Recorded data:
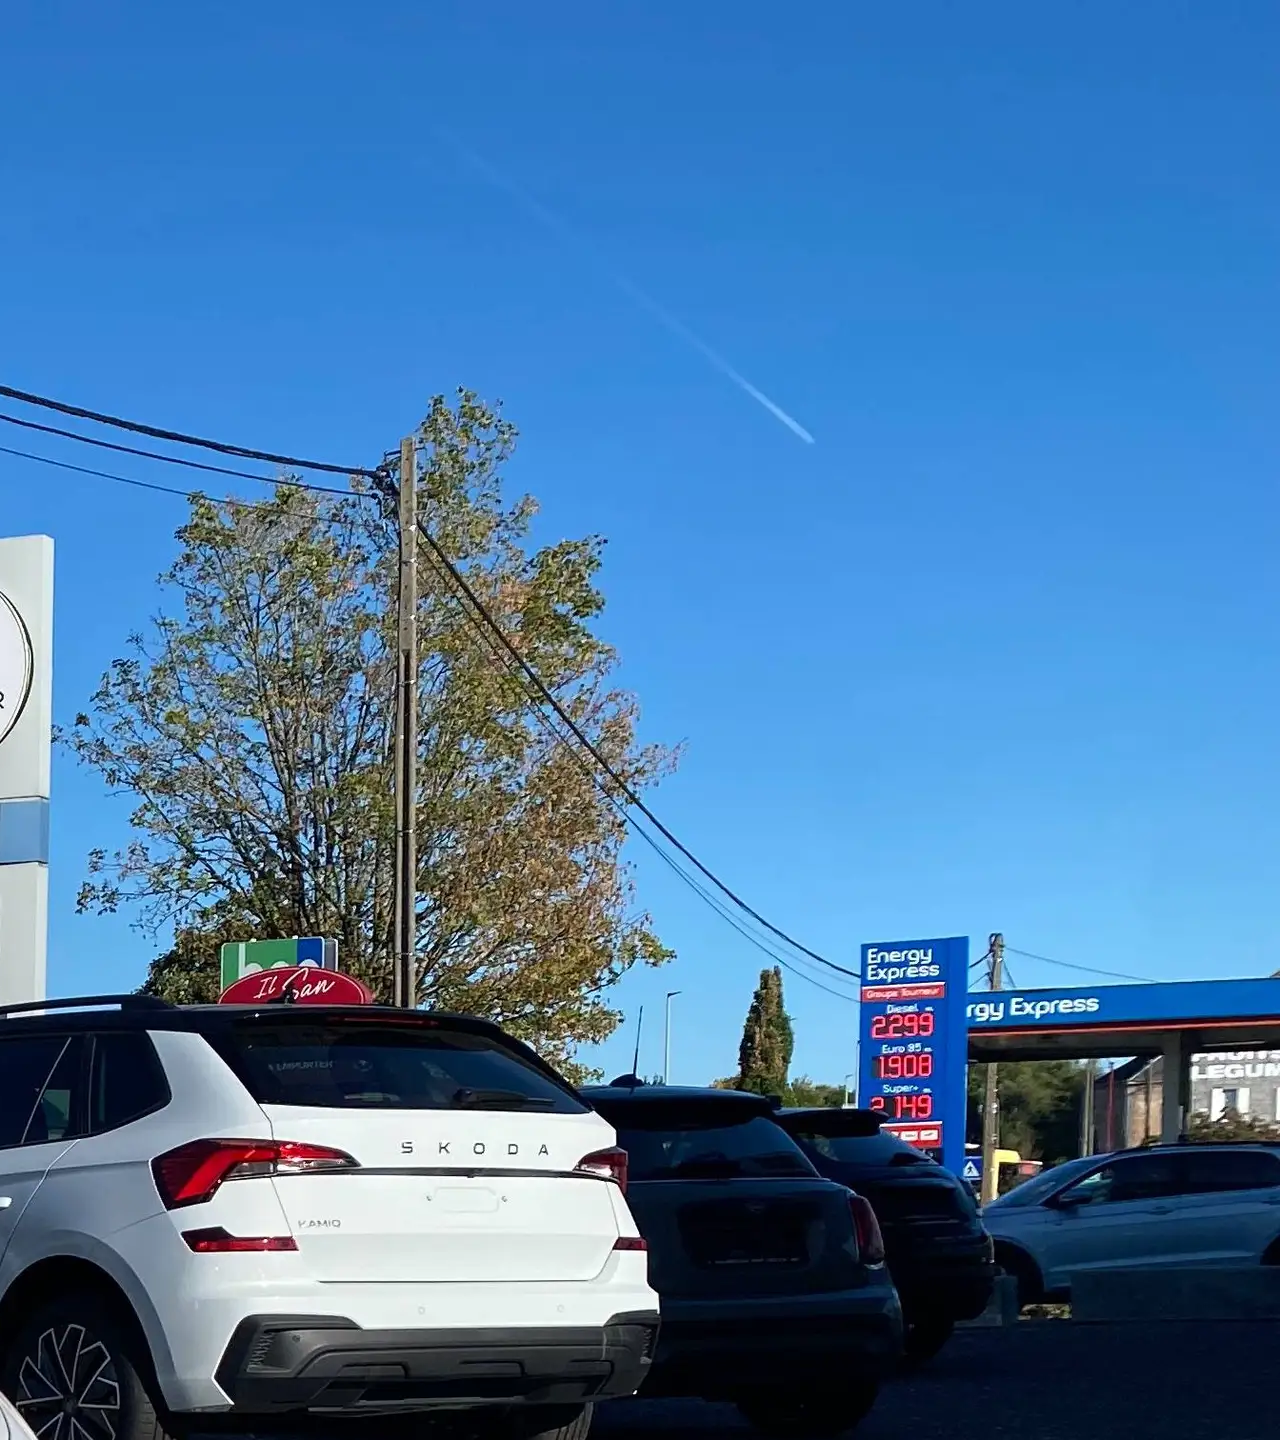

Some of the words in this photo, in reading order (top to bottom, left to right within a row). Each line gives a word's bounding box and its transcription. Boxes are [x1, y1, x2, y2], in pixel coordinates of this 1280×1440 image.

[867, 948, 933, 966] Energy
[867, 965, 940, 983] Express
[886, 1004, 919, 1014] Diesel
[1010, 997, 1100, 1020] Express
[882, 1044, 905, 1054] Euro
[883, 1084, 919, 1094] Super+
[400, 1141, 549, 1156] SKODA
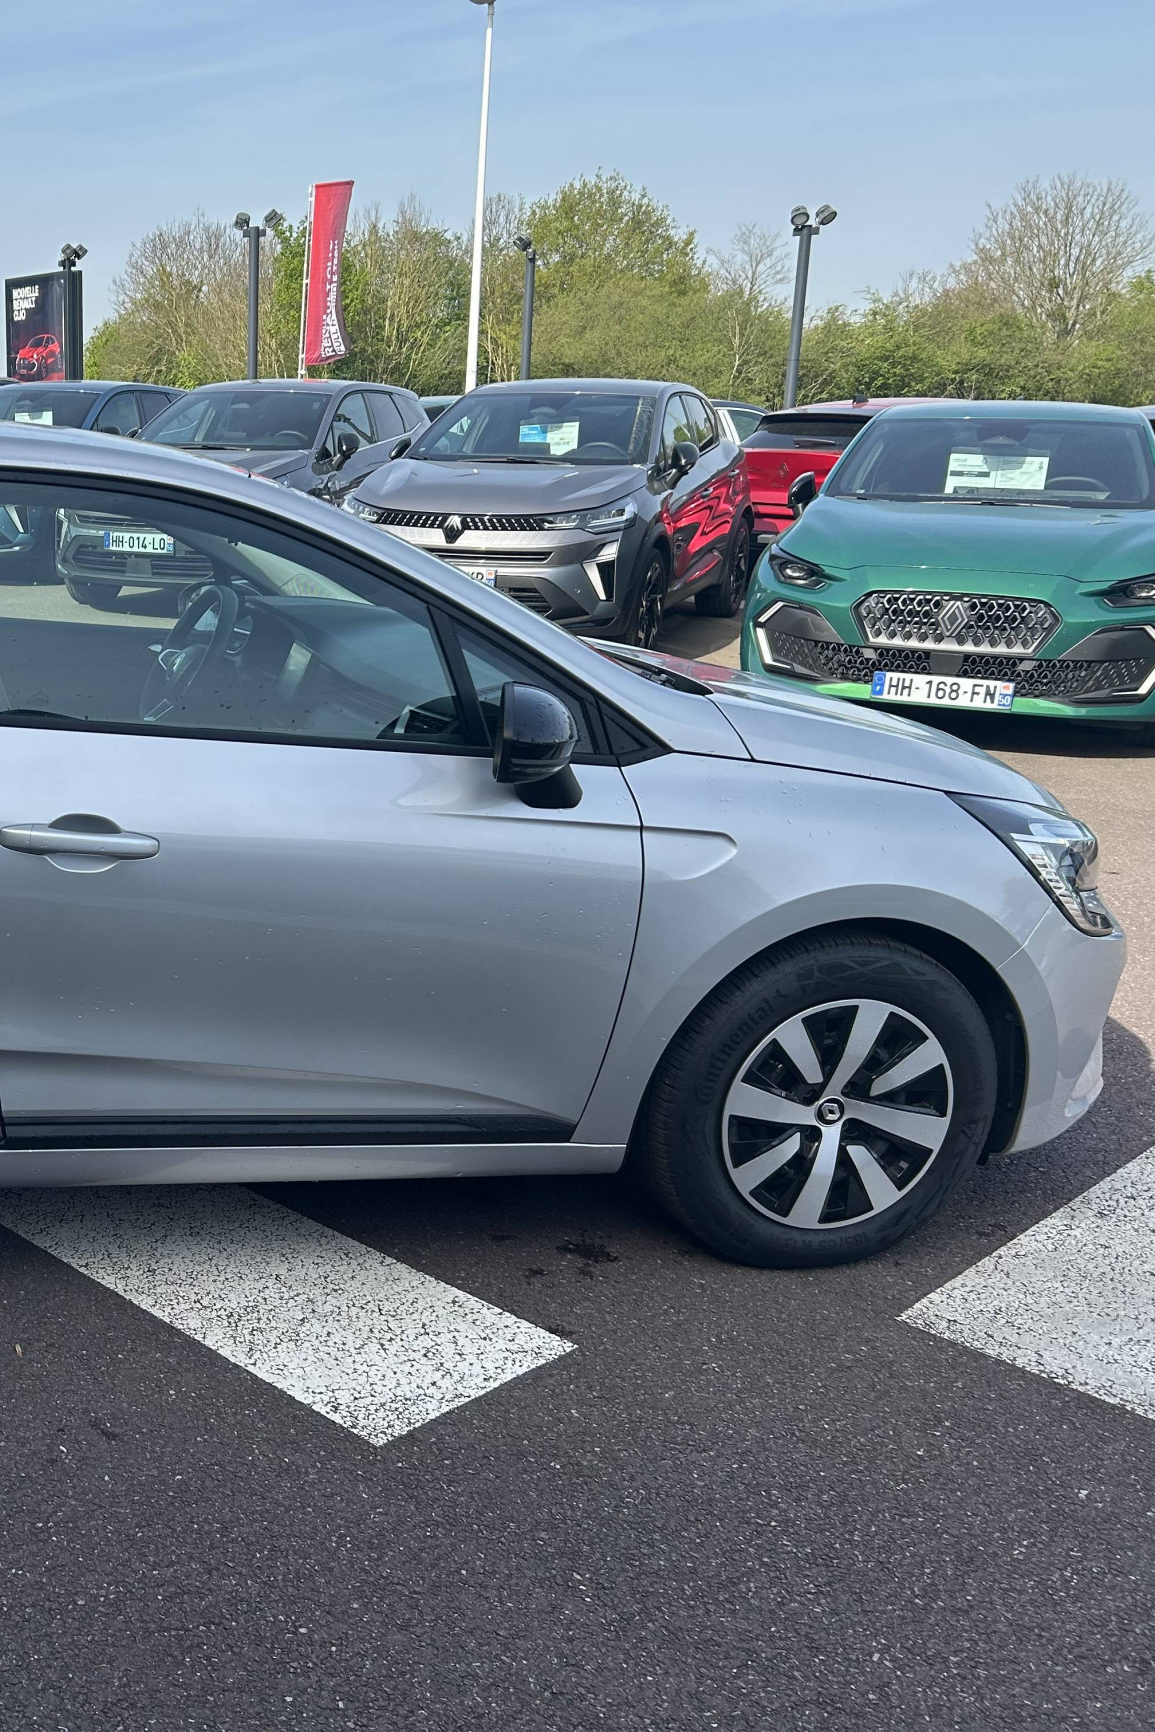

■ Assigned task
Could the entries above be written out word for word, pictures excluded?

■ Result for this exercise
Some of the words in this photo, in reading order (top to bottom, left to right within a row). Each line gives a word's bounding box and its transcription. Boxes are [x1, y1, x2, y2], in pixel coordinates of this 1280×1440 image.

[867, 948, 933, 966] Energy
[867, 965, 940, 983] Express
[886, 1004, 919, 1014] Diesel
[1010, 997, 1100, 1020] Express
[882, 1044, 905, 1054] Euro
[883, 1084, 919, 1094] Super+
[400, 1141, 549, 1156] SKODA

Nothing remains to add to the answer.